FDMO: Feature Assisted Direct Monocular Odometry

arXiv:1804.05422v119 citations
Originality Incremental advance
AI Analysis

This addresses robustness issues in monocular visual odometry for robotics or autonomous systems, though it is an incremental improvement combining existing techniques.

The paper tackles the problem of direct visual odometry failing under erratic motion by proposing FDMO, a hybrid system that switches between direct and feature-based methods, resulting in significant drift reduction compared to DSO and ORB SLAM on TumMono and EuroC datasets.

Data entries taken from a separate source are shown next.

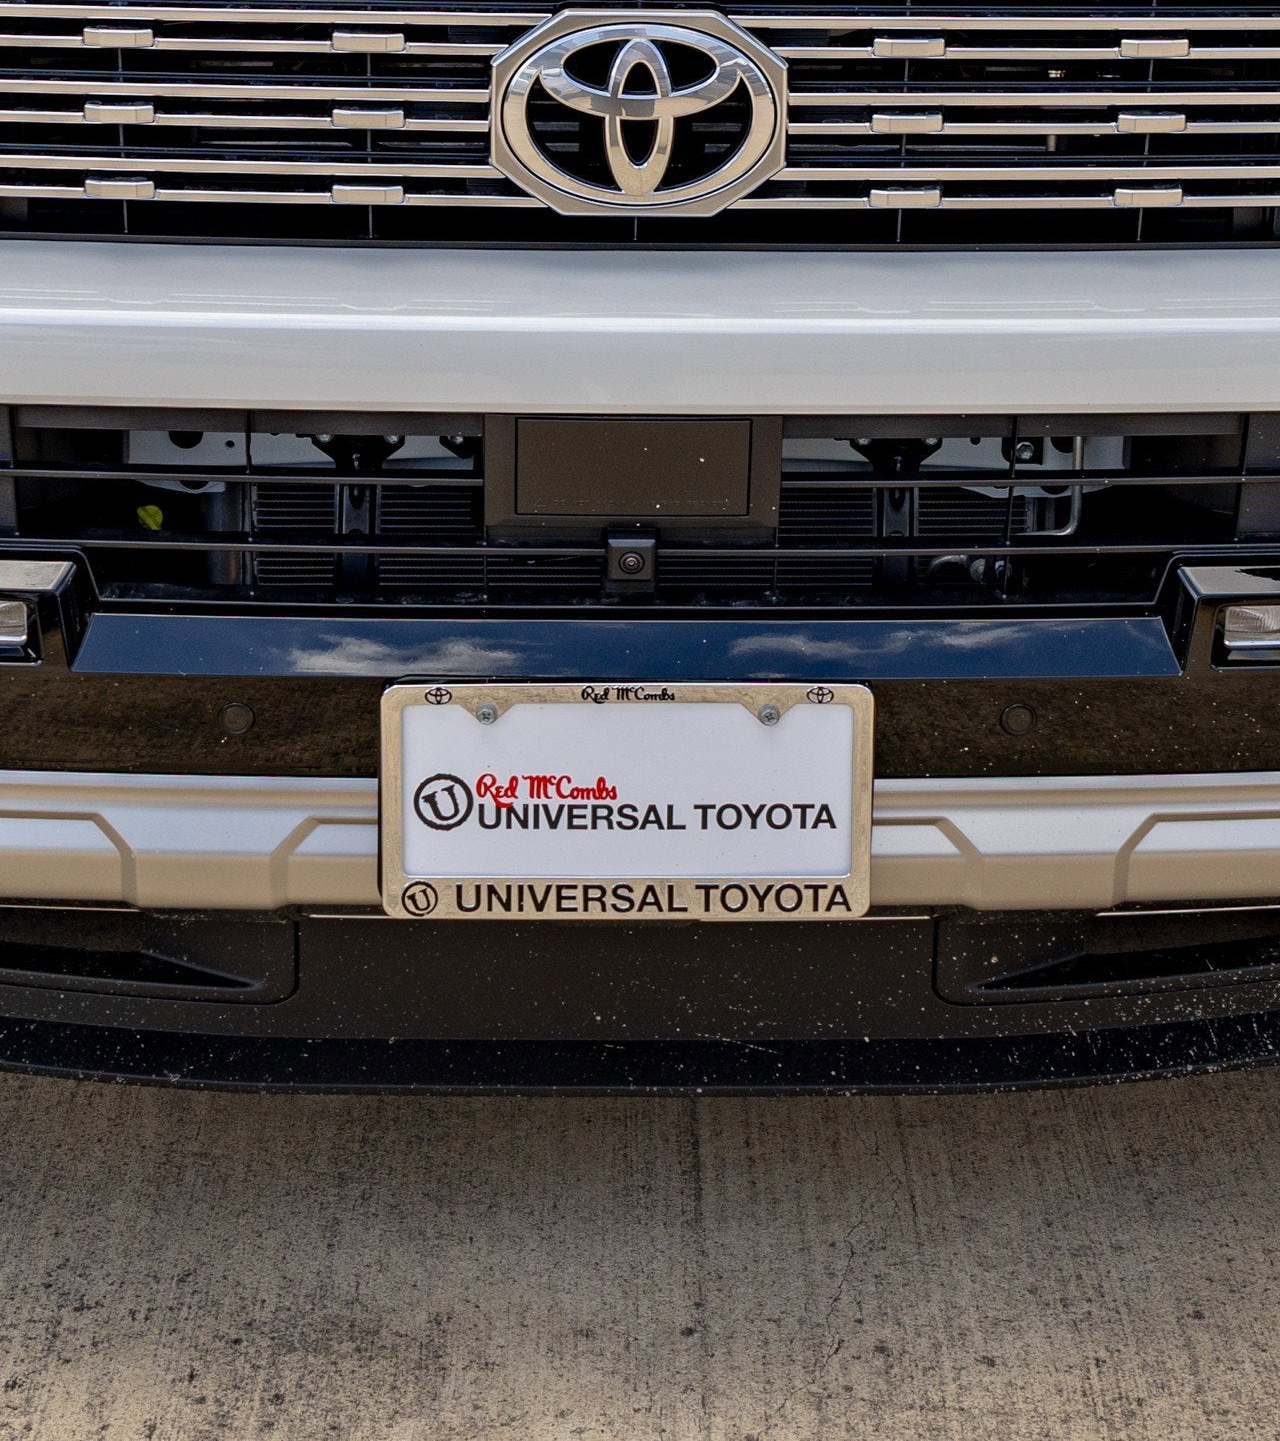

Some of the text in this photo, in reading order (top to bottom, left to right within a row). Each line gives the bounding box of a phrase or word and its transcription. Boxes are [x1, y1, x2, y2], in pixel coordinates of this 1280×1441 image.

[581, 685, 675, 704] Red McCombs
[476, 773, 618, 809] Red McCombs
[478, 803, 838, 831] UNIVERSAL TOYOTA
[456, 883, 852, 913] UNIVERSAL TOYOTA
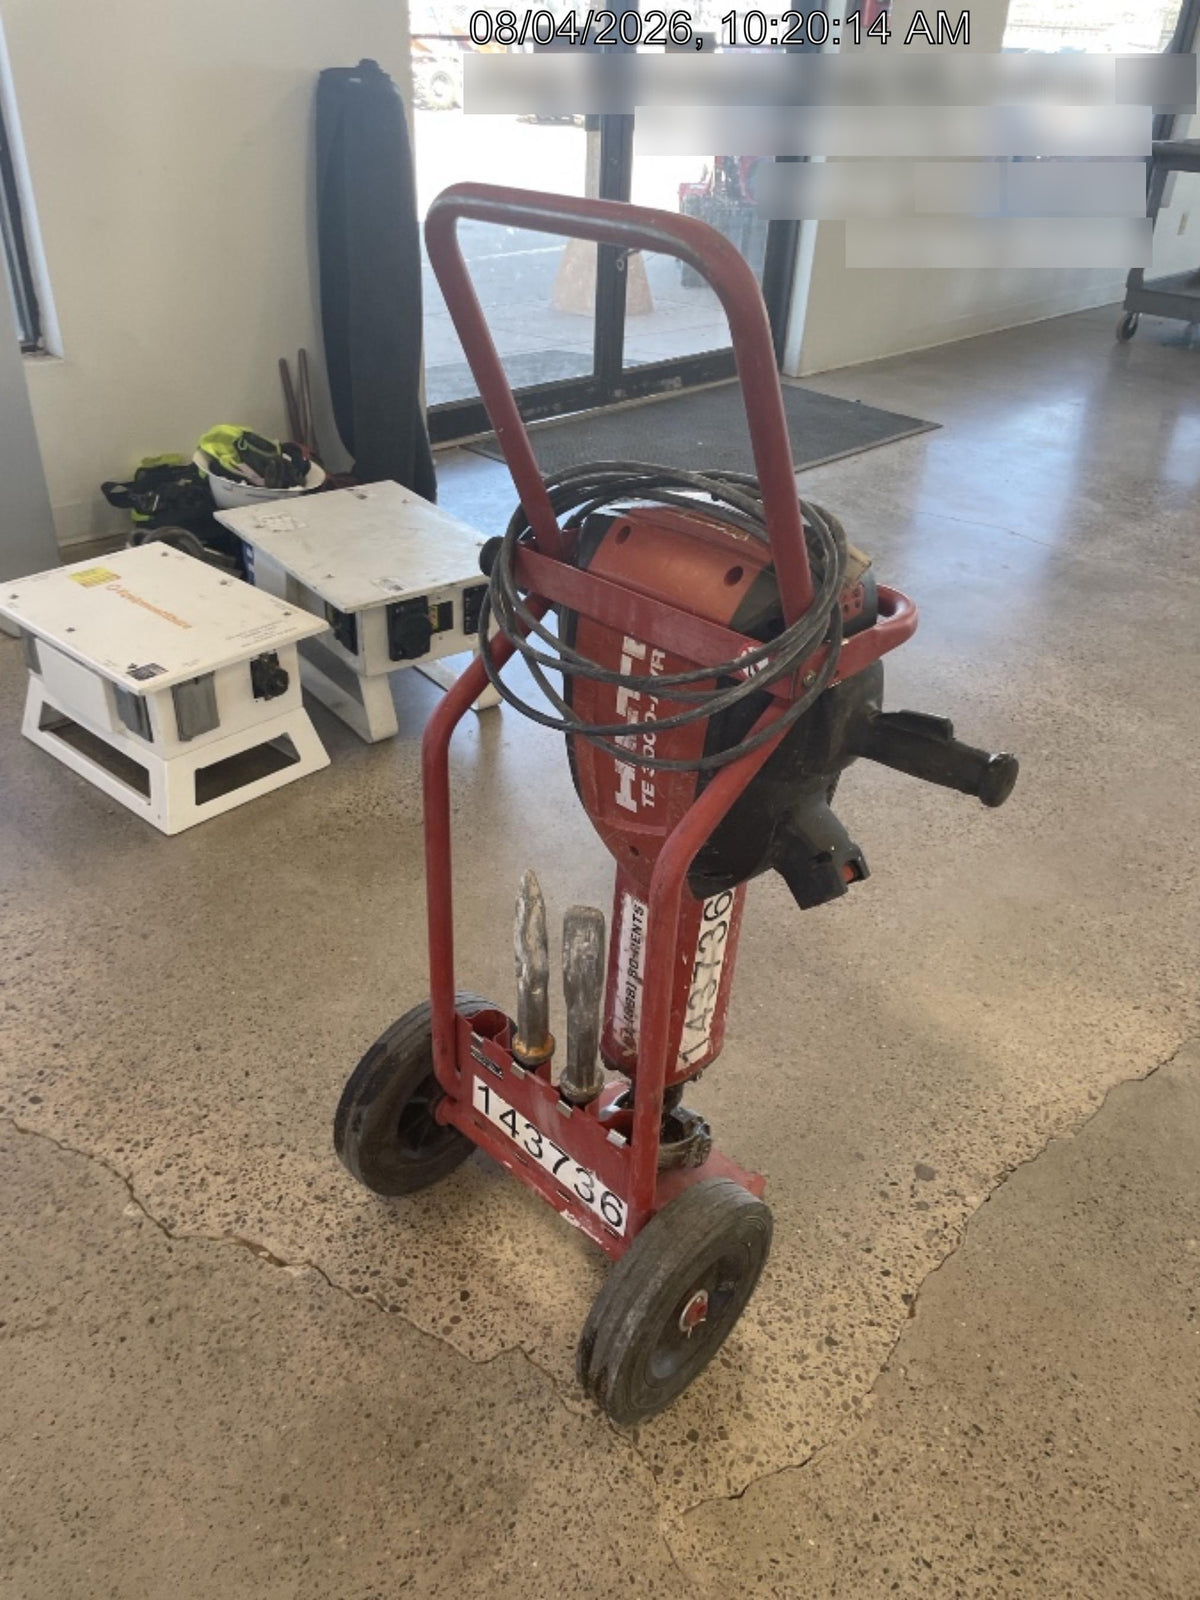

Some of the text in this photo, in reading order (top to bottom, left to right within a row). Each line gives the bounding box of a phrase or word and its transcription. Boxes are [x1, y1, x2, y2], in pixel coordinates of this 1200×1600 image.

Visual Odometry (VO) can be categorized as being either direct or feature based. When the system is calibrated photometrically, and images are captured at high rates, direct methods have shown to outperform feature-based ones in terms of accuracy and processing time; they are also more robust to failure in feature-deprived environments. On the downside, Direct methods rely on heuristic motion models to seed the estimation of camera motion between frames; in the event that these models are violated (e.g., erratic motion), Direct methods easily fail. This paper proposes a novel system entitled FDMO (Feature assisted Direct Monocular Odometry), which complements the advantages of both direct and featured based techniques. FDMO bootstraps indirect feature tracking upon the sub-pixel accurate localized direct keyframes only when failure modes (e.g., large baselines) of direct tracking occur. Control returns back to direct odometry when these conditions are no longer violated. Efficiencies are introduced to help FDMO perform in real time. FDMO shows significant drift (alignment, rotation & scale) reduction when compared to DSO & ORB SLAM when evaluated using the TumMono and EuroC datasets.